Traditional sizzling sisig at Max’s in Jersey City (Photo via The FilAm)

Ahead of Filipino Restaurant Week May 14-26, The FilAm’s Cristina DC Pastor looks at the “new star” of Filipino cuisine: sisig, a comfort food that will “win the hearts and minds of the world,” said chef Anthony Bourdain. Pastor writes:

Sisig will always be a specialty staple in many Filipino restaurants because the dish is familiar — traditionally eaten as “pulutan” (snacks) and paired with beer or any form of alcohol. Some Filipino women may find it greasy, but with husbands or boyfriends who drink, they get used to eating it with them. It is usually served in restaurants on a sizzling plate and hardly ever cooked at home.

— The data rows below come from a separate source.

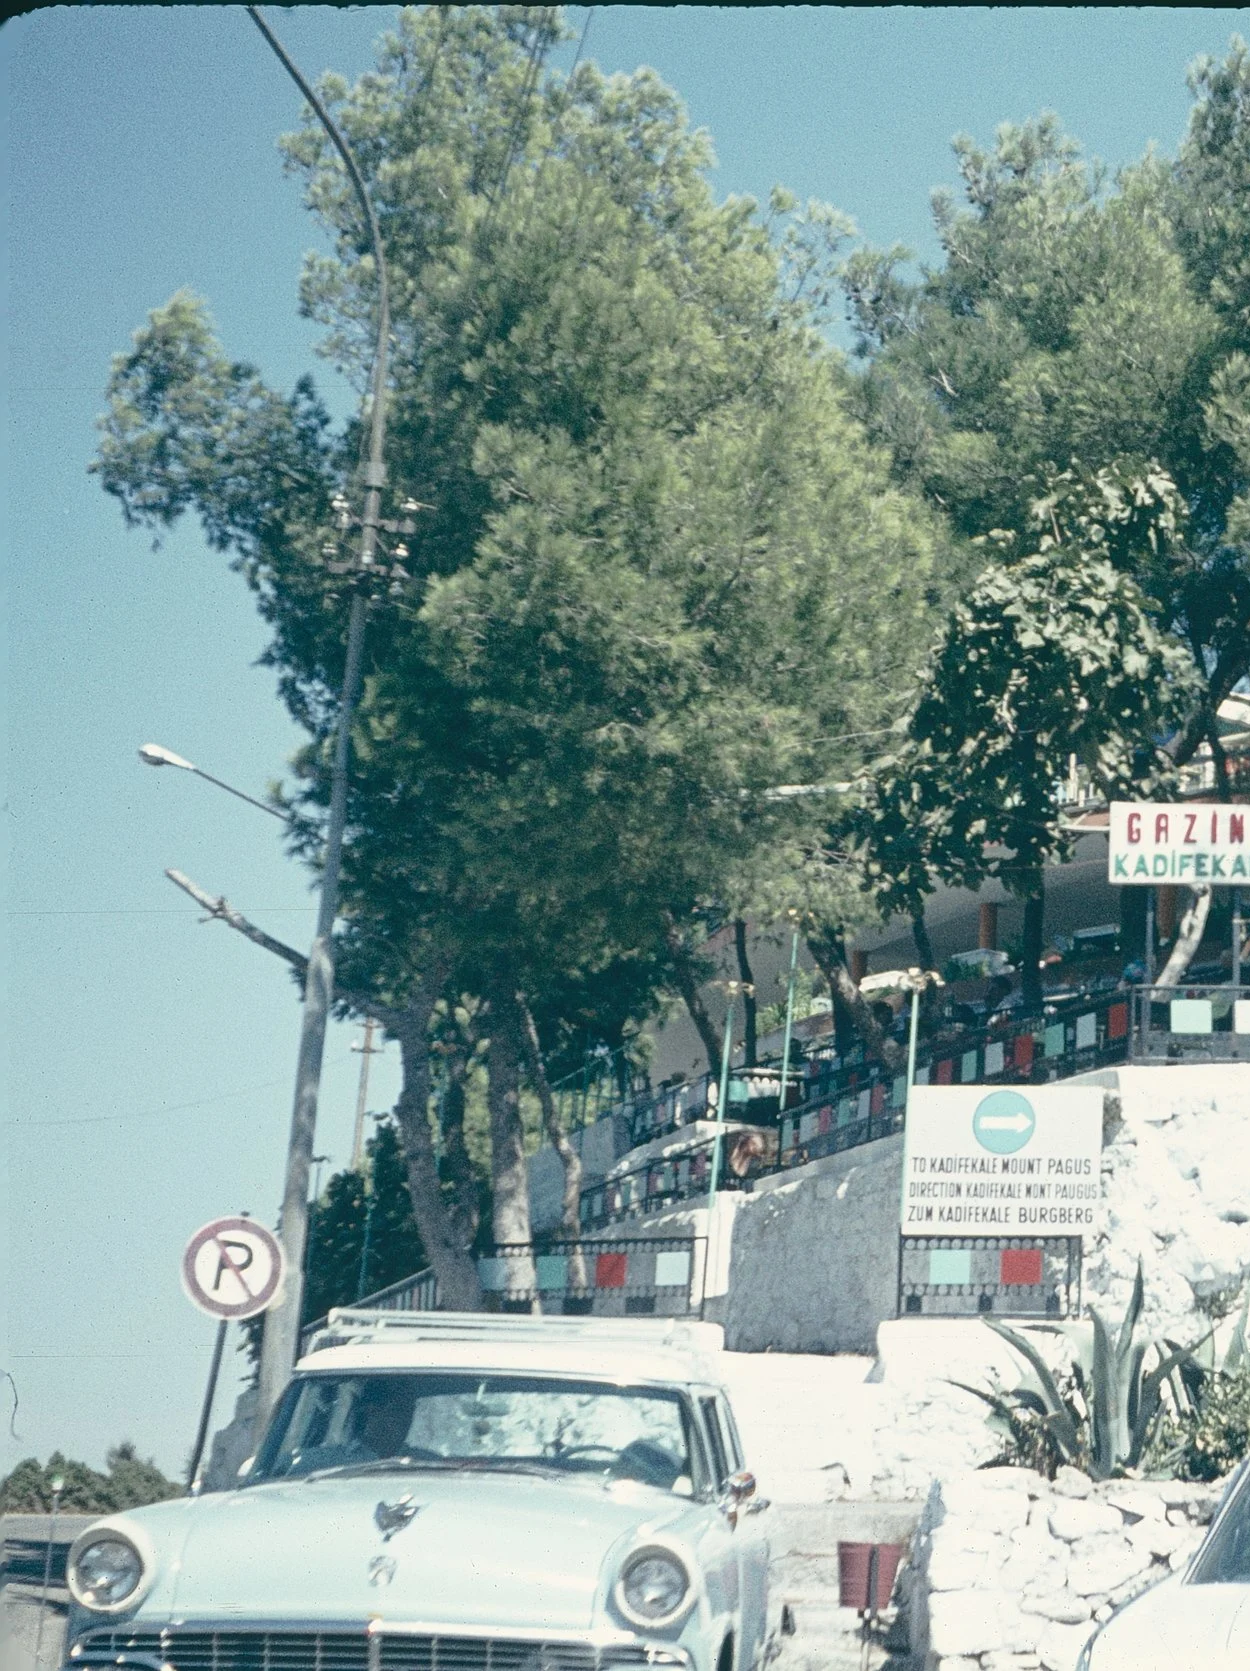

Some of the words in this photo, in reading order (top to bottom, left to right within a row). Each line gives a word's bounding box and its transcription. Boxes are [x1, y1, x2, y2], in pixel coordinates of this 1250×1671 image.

[912, 1157, 927, 1174] TO
[930, 1153, 998, 1174] KADİFEKALE
[1001, 1158, 1043, 1175] MOUNT
[1047, 1158, 1092, 1175] PAGUS
[908, 1181, 962, 1198] DIRECTION
[1025, 1182, 1053, 1199] MONT
[1054, 1183, 1098, 1200] PAUGUS
[907, 1205, 933, 1222] ZUM
[937, 1202, 1011, 1224] KADİFEKALE
[1018, 1206, 1094, 1225] BURGBERG
[212, 1239, 254, 1291] P
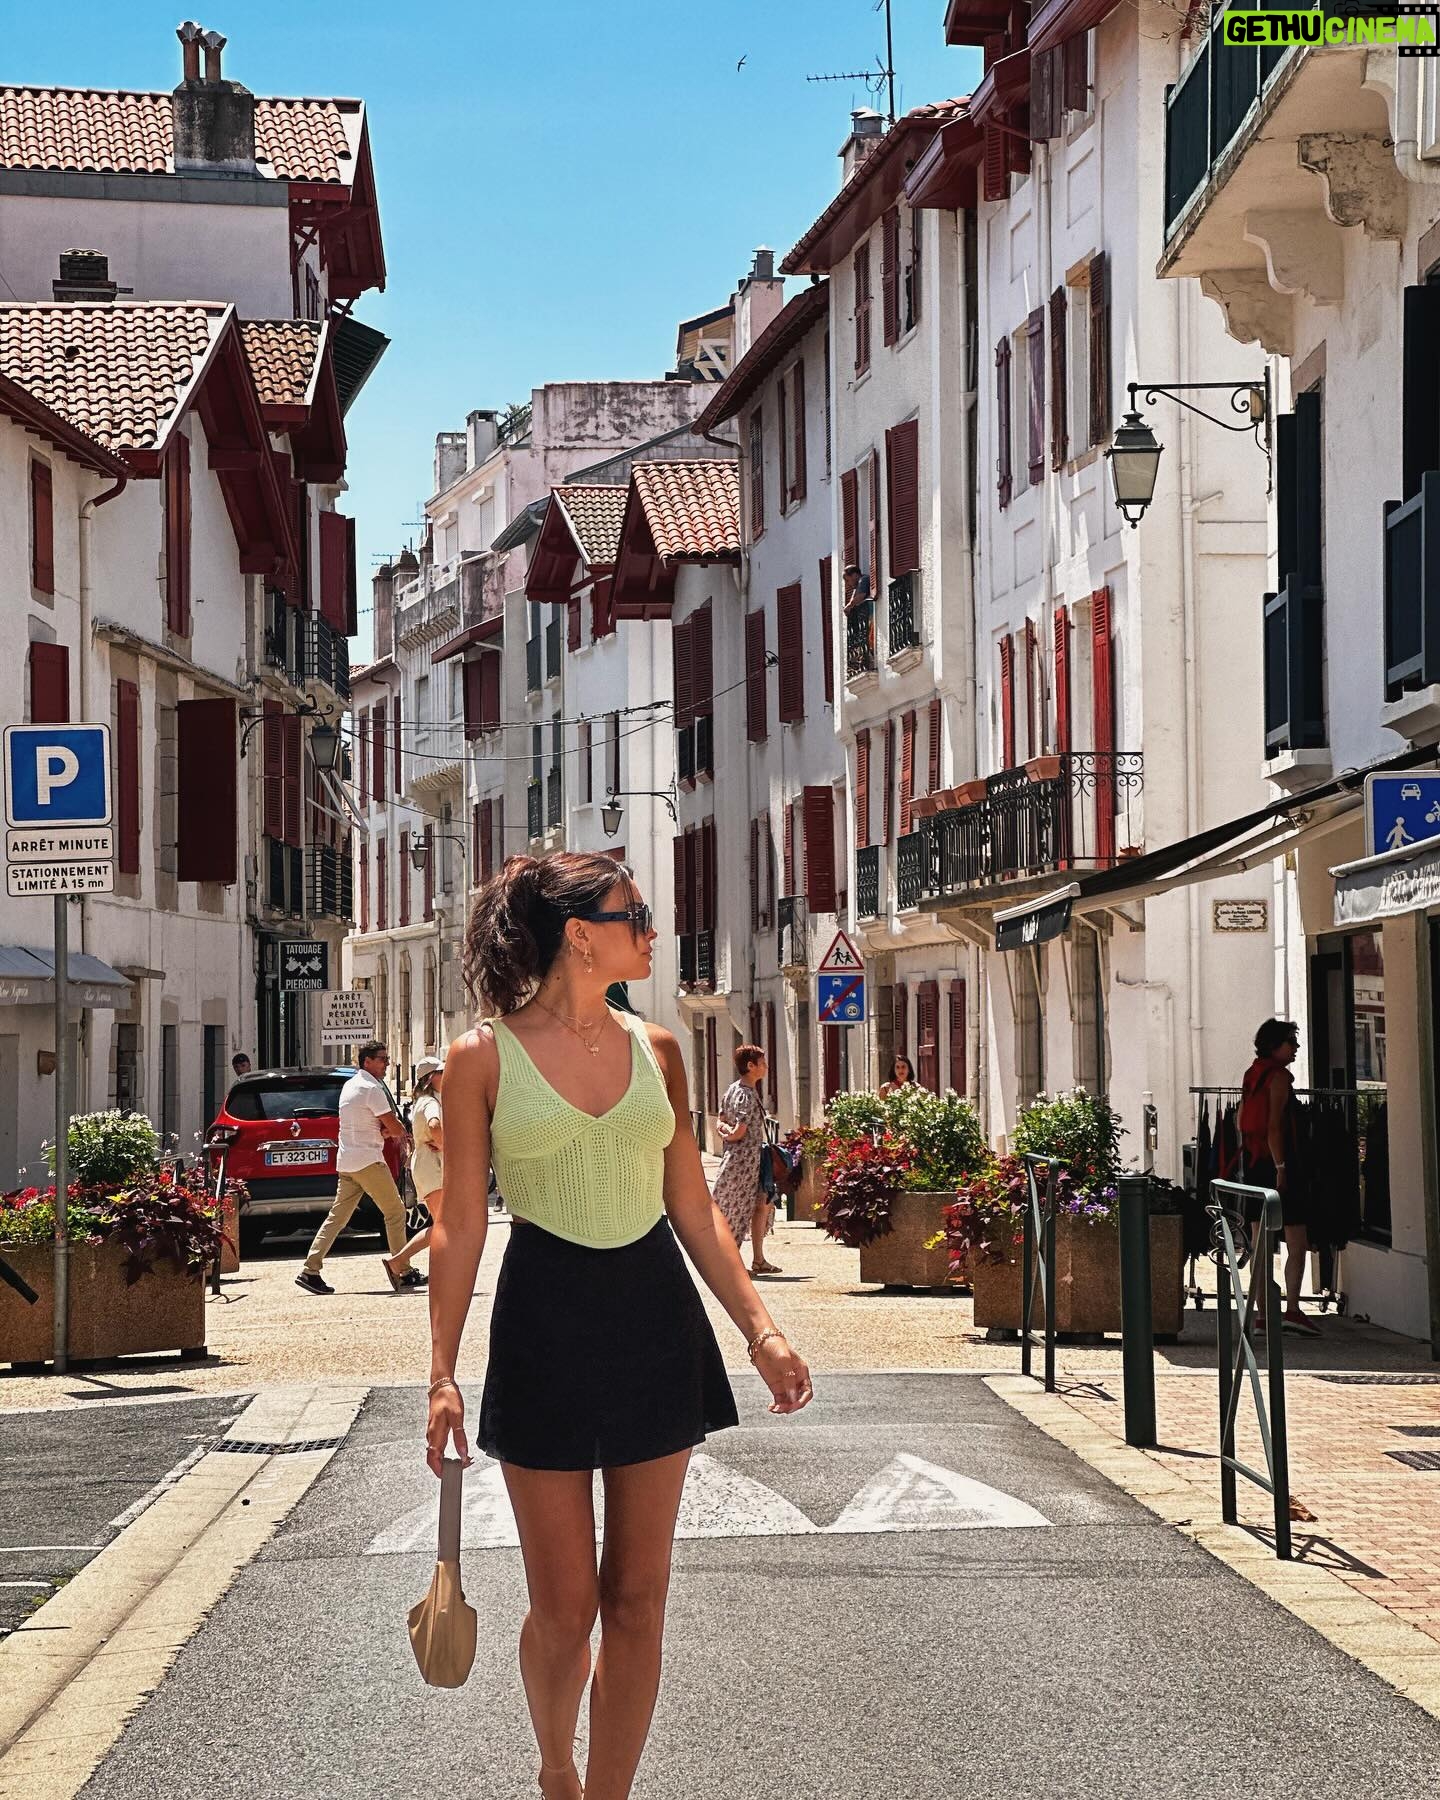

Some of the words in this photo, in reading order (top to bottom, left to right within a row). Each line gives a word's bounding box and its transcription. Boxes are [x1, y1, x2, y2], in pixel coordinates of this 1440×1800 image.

[36, 746, 80, 805] P
[12, 839, 55, 852] ARRÊT
[59, 838, 109, 851] MINUTE
[12, 865, 109, 879] STATIONNEMENT
[17, 877, 57, 891] LIMITÉ
[61, 877, 68, 889] À
[71, 878, 84, 889] 15
[88, 880, 104, 888] mn
[286, 944, 322, 954] TATOUAGE
[286, 979, 322, 989] PIERCING
[334, 993, 361, 1001] ARRÊT
[329, 1009, 367, 1018] RÉSERVÉ
[335, 1018, 371, 1026] L'HÔTEL
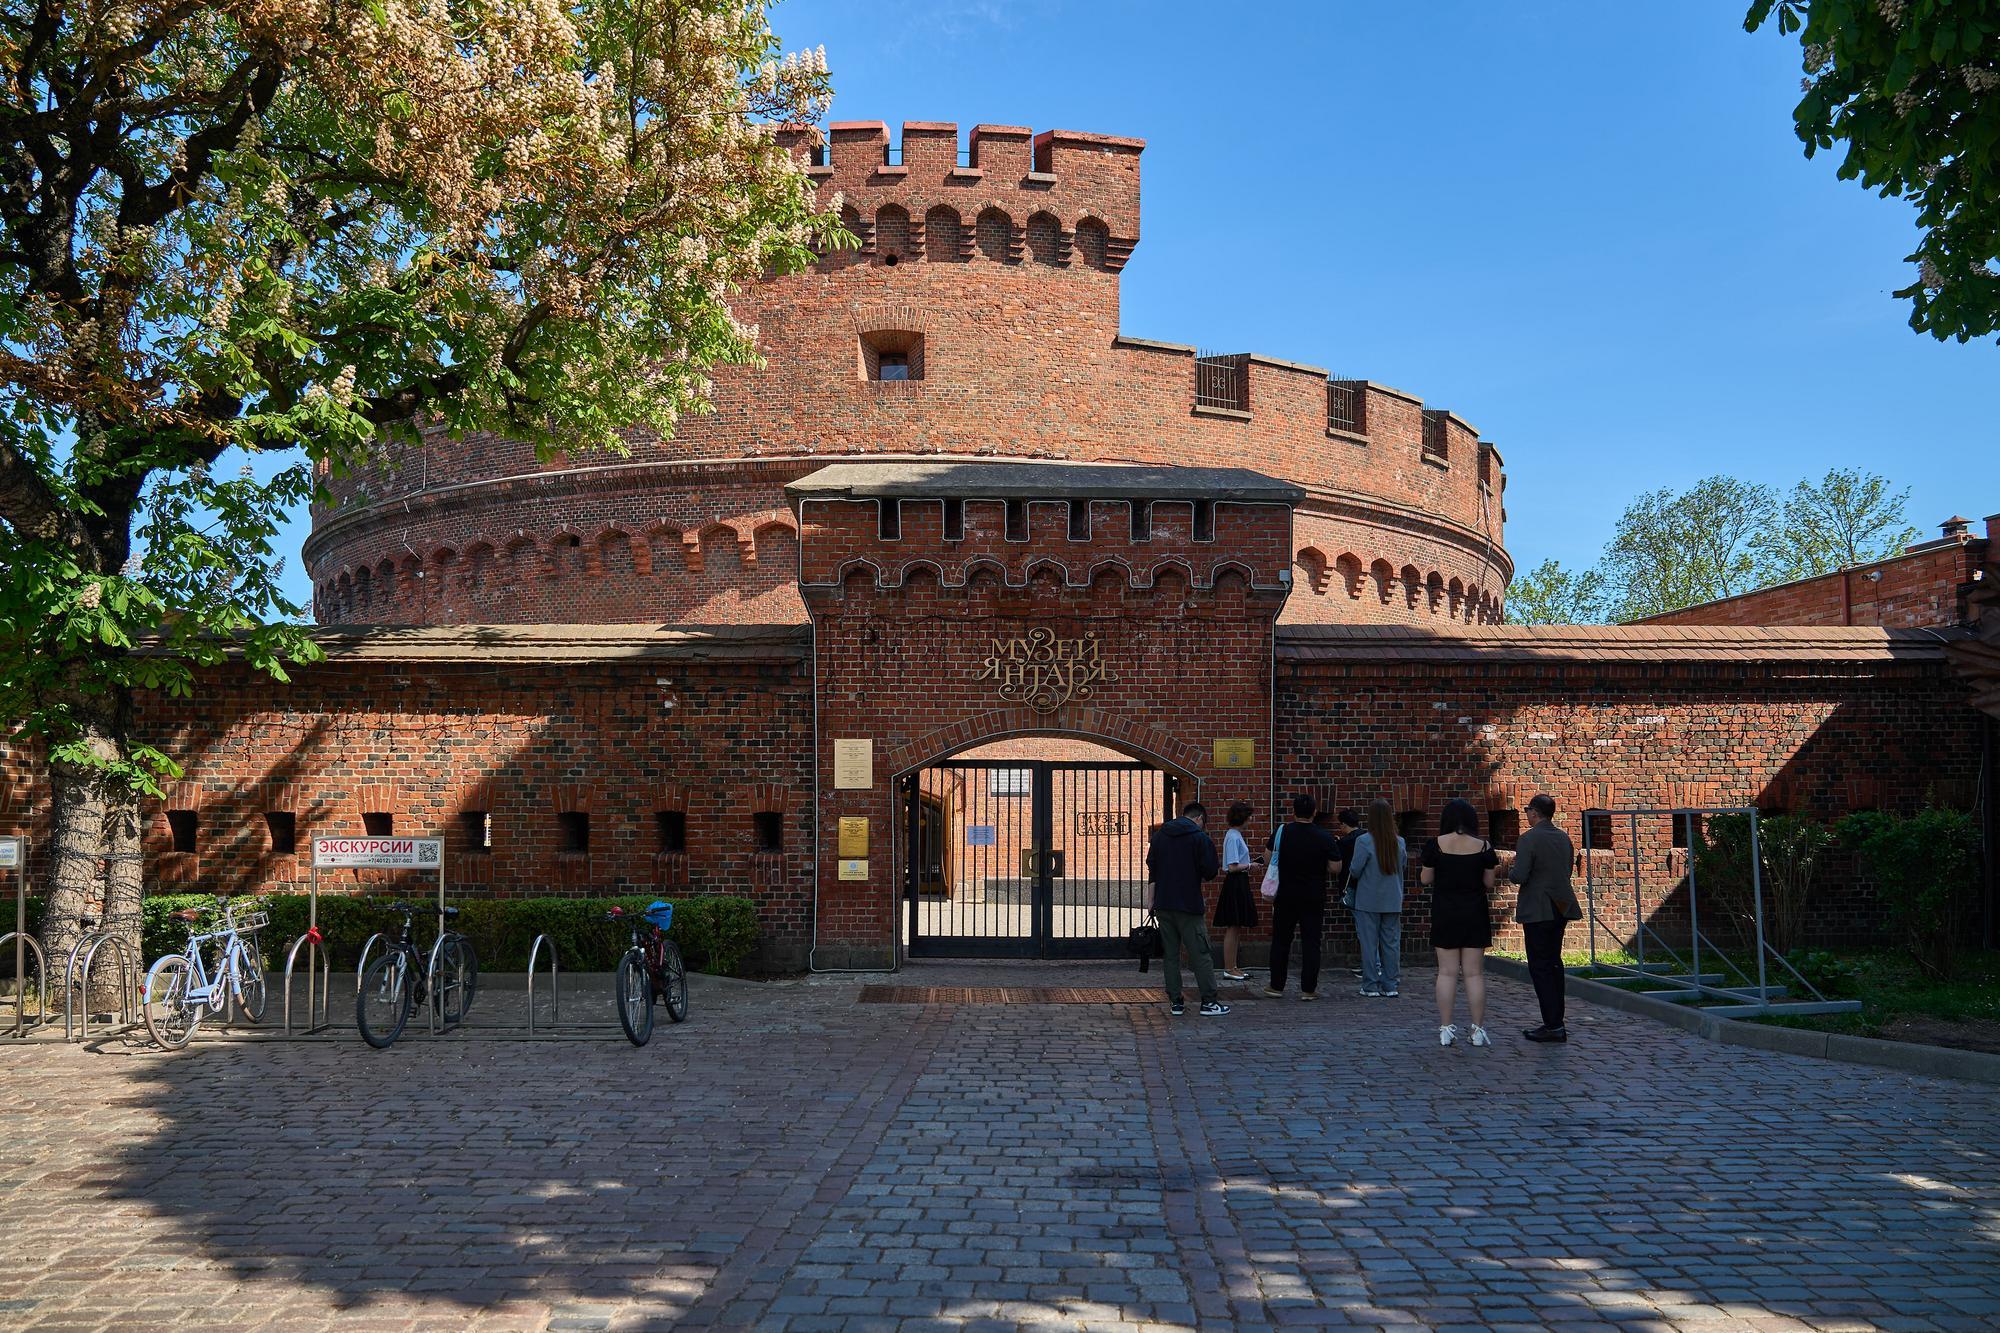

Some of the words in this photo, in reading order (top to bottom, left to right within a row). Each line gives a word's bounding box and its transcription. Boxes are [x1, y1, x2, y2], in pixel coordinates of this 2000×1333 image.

What goes into Sisig may be awkward to explain to non-Filipinos getting acquainted with Filipino food: pig’s head (snout, cheeks, and ears), chicken liver and heart, and pork skin. The ‘meats’ are flavored with chopped chili and onions and bathed in vinegar and calamansi (citrus) juice. To solve the Eek Factor, some restaurants have replaced the pig’s head with fish or squid.

The Sisig City food truck on Staten Island and Mama Fina’s House of Filipino Sisig in New Jersey and the East Village are both seeing increased demand in the dish following Bourdain’s recognition of the dish.